As the war’s first anniversary approaches, the pager attack allowed Israel’s security officials to send “a message: ‘We messed up, but we’re not dead,’” French defense and strategy consultant Pierre Servent told the French news agency AFP.

Aside from any perceived domestic morale boost in Israel, however, some observers questioned whether the pager blasts would ultimately backfire, earning yet more international opprobrium and setting the stage for retaliation by Hezbollah.

“This is not the kind of incident that ends quietly in the Middle East,” military analyst Amos Harel wrote in the Haaretz daily newspaper.

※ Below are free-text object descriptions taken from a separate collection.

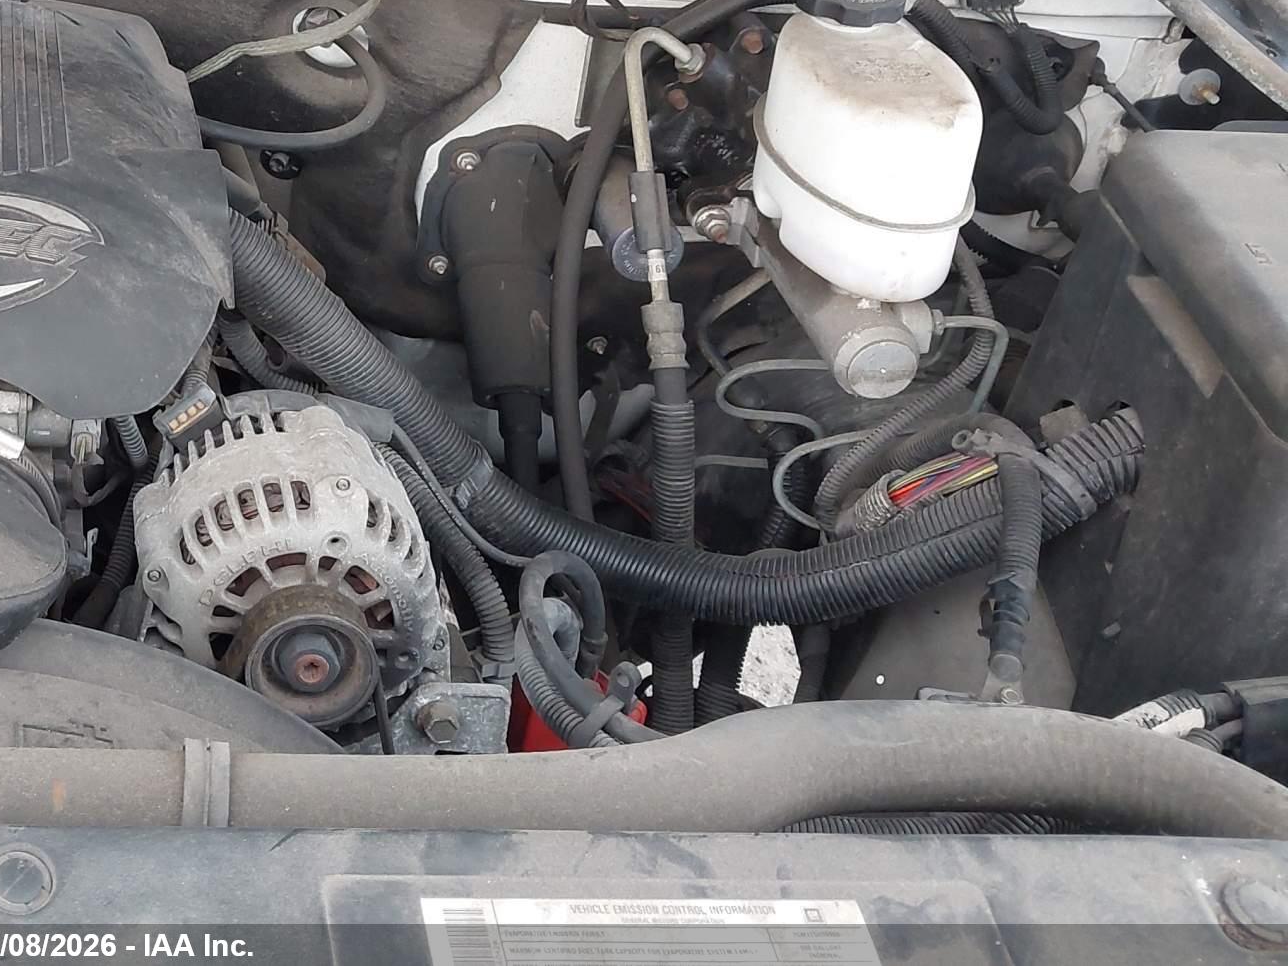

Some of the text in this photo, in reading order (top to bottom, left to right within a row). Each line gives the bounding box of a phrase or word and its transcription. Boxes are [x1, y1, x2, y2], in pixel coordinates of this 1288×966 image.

[569, 904, 776, 915] VEHICLE EMISSION CONTROL INFORMATION
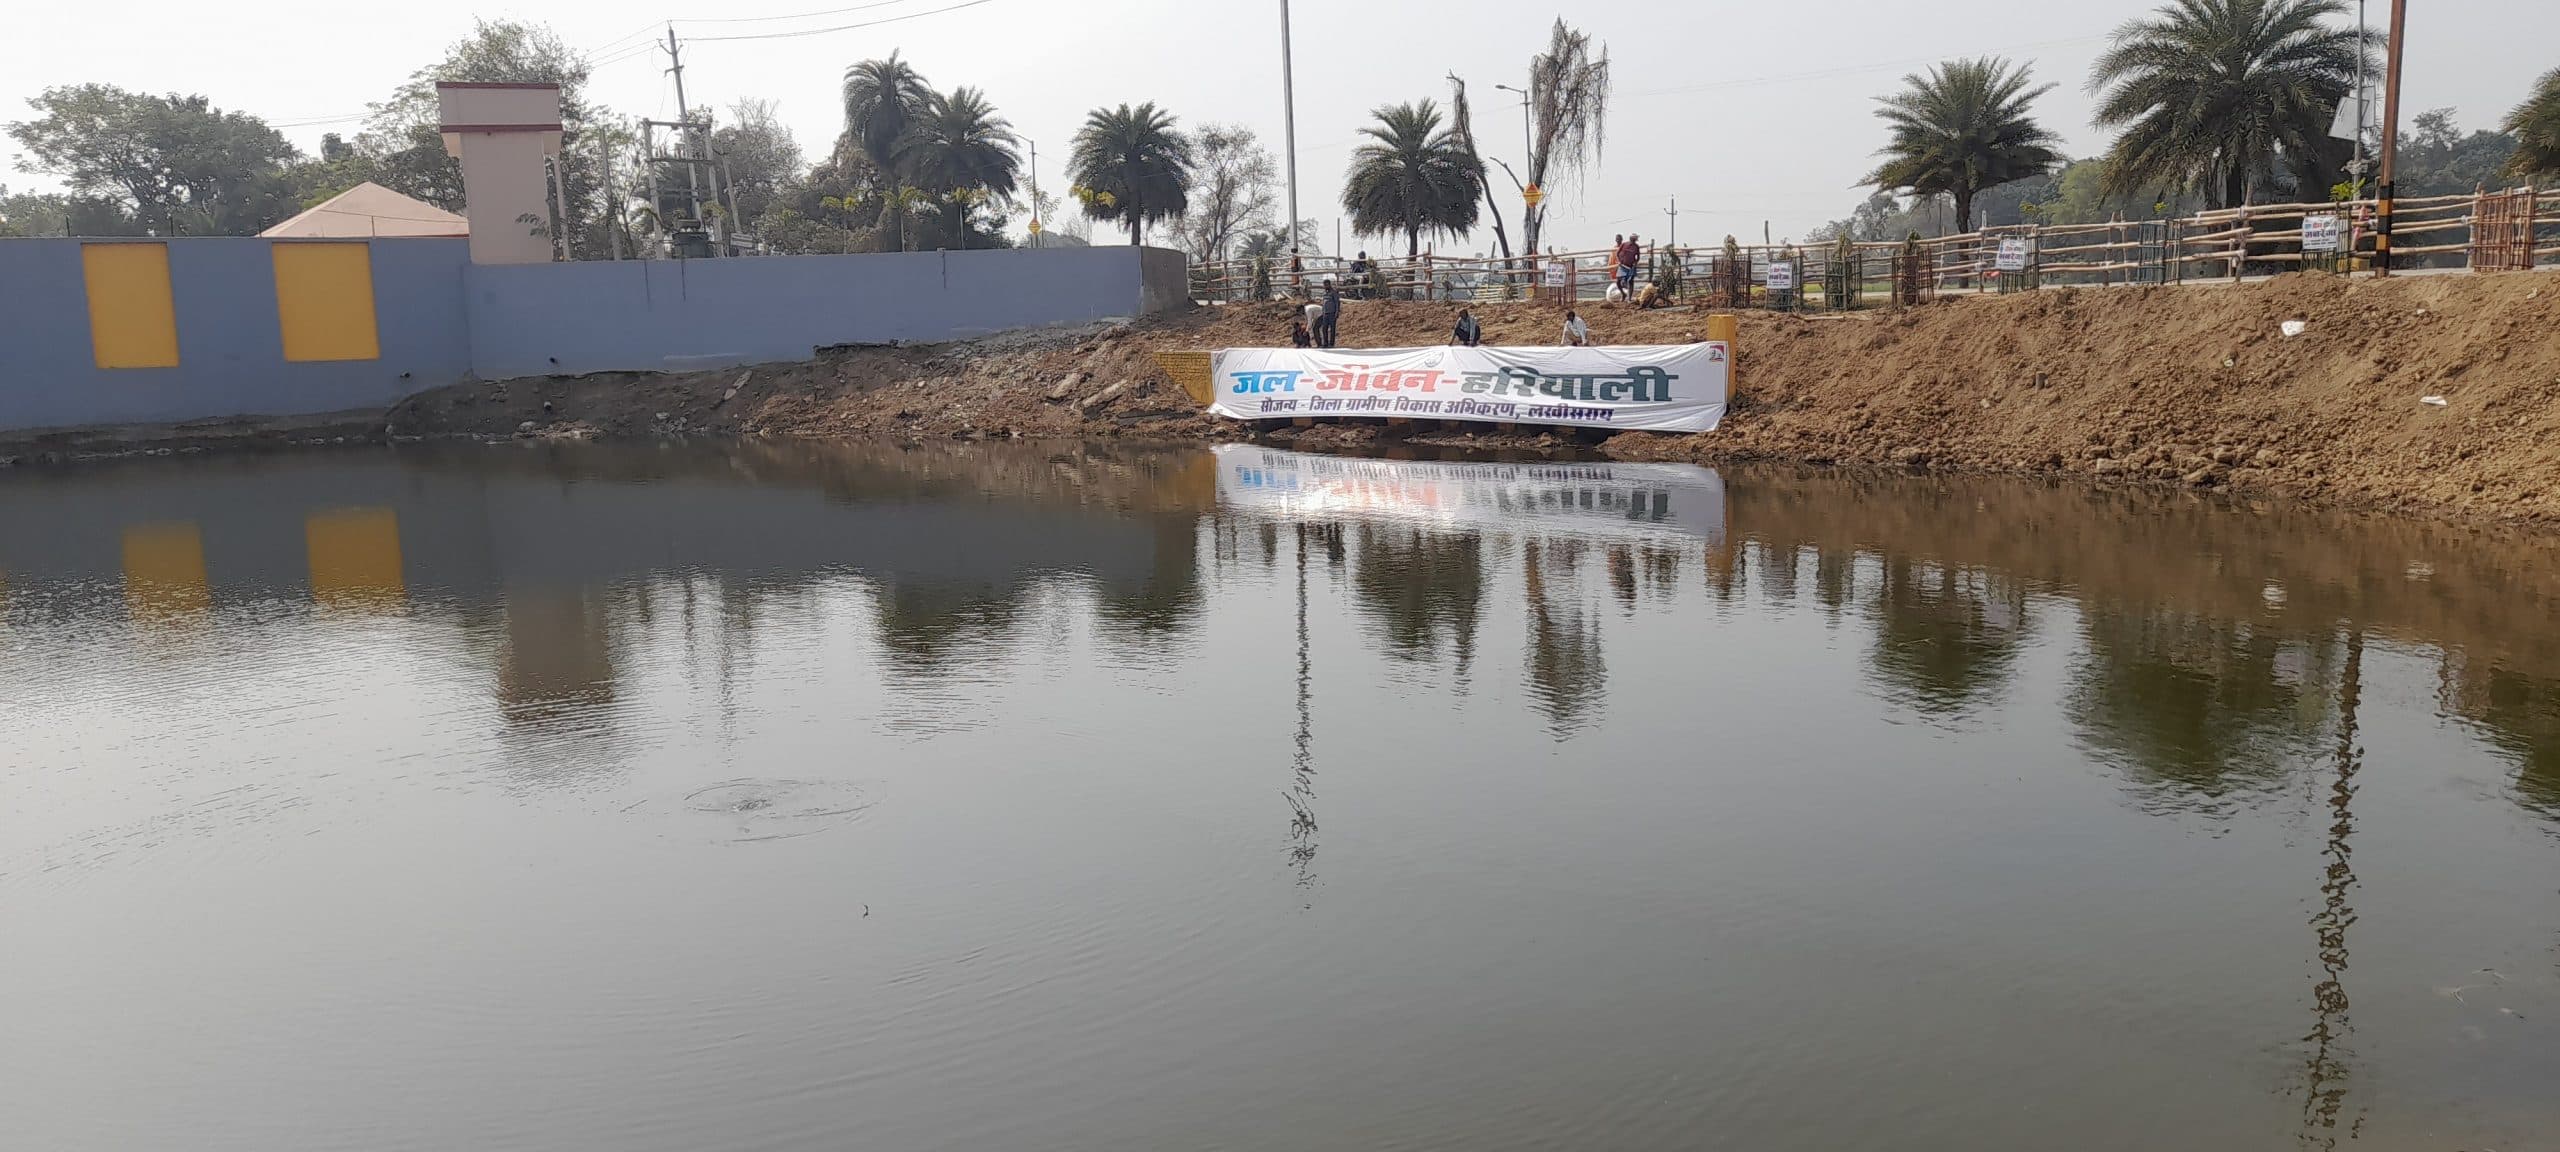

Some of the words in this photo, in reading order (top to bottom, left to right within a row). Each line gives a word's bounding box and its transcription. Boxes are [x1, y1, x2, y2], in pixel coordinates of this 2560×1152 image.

[1309, 396, 1341, 412] जिला
[1346, 396, 1391, 413] ग्रामीण
[1394, 397, 1443, 415] विकास
[1445, 398, 1520, 419] अभिकरण,

He cited the highly personal and humiliating nature of the pager strikes, which flooded Lebanese hospitals with wounded individuals, many with fingers blown off or injured eyes.

Some suggested the pager plot was intended as an explicit message to Hezbollah that Israel has undisclosed technology-driven capabilities it can yet wield against the group, whose conventional military strength dwarfs that of Hamas.

Firefighters stand outside a damaged shop
Firefighters stand outside the mobile phone shop in Sidon after the explosion. (Mohammad Zaatari / Associated Press)

Such a warning comes as Hezbollah, too, edges into uncharted territory regarding remote attacks.

The pager blasts came the same day that Israel’s Shin Bet domestic intelligence agency disclosed a failed Hezbollah-organized bid last year to assassinate a senior former Israeli official — identified in news reports as ex-Defense Minister and army Chief of Staff Moshe Yaalon — using a powerful explosive planted in a Tel Aviv park. Another planned attack with a similar profile was also foiled, the Shin Bet said.

But any notion of the pager explosions as a carefully timed and precisely calibrated message of deterrence was undercut by media reports Wednesday that Israel made a hasty decision to set off the blasts, believing that the plot was in the early stages of being uncovered.

In a diplomatic context, the timing of the attack appeared to be yet another slap by Netanyahu at Israel’s closest ally, the United States.

The blasts came as Secretary of State Antony J. Blinken traveled to Cairo to try to nudge along Egyptian mediation for a cease-fire and hostage-release accord between Israel and Hamas.

U.S. officials say that Israeli attacks in Lebanon or elsewhere weaken their hand as they attempt to negotiate with Arab allies and, through them, Hamas. The U.S. says it warns all sides they are playing with fire as they risk a wider escalation of warfare, but it is difficult to predict actions by any party.

At a news conference, Blinken said the Biden administration was still gathering information about the episode.

On the eve of Tuesday’s attacks, the Israeli prime minister met with an envoy from President Biden, Amos Hochstein, who sought to steer Israel away from a major escalation in Lebanon, which Israel has hinted of in recent days. In that meeting, Netanyahu offered no clue of the chaos to be unleashed a few hours later, Israeli news reports said.

Times staff writer Tracy Wilkinson in Washington contributed to this report.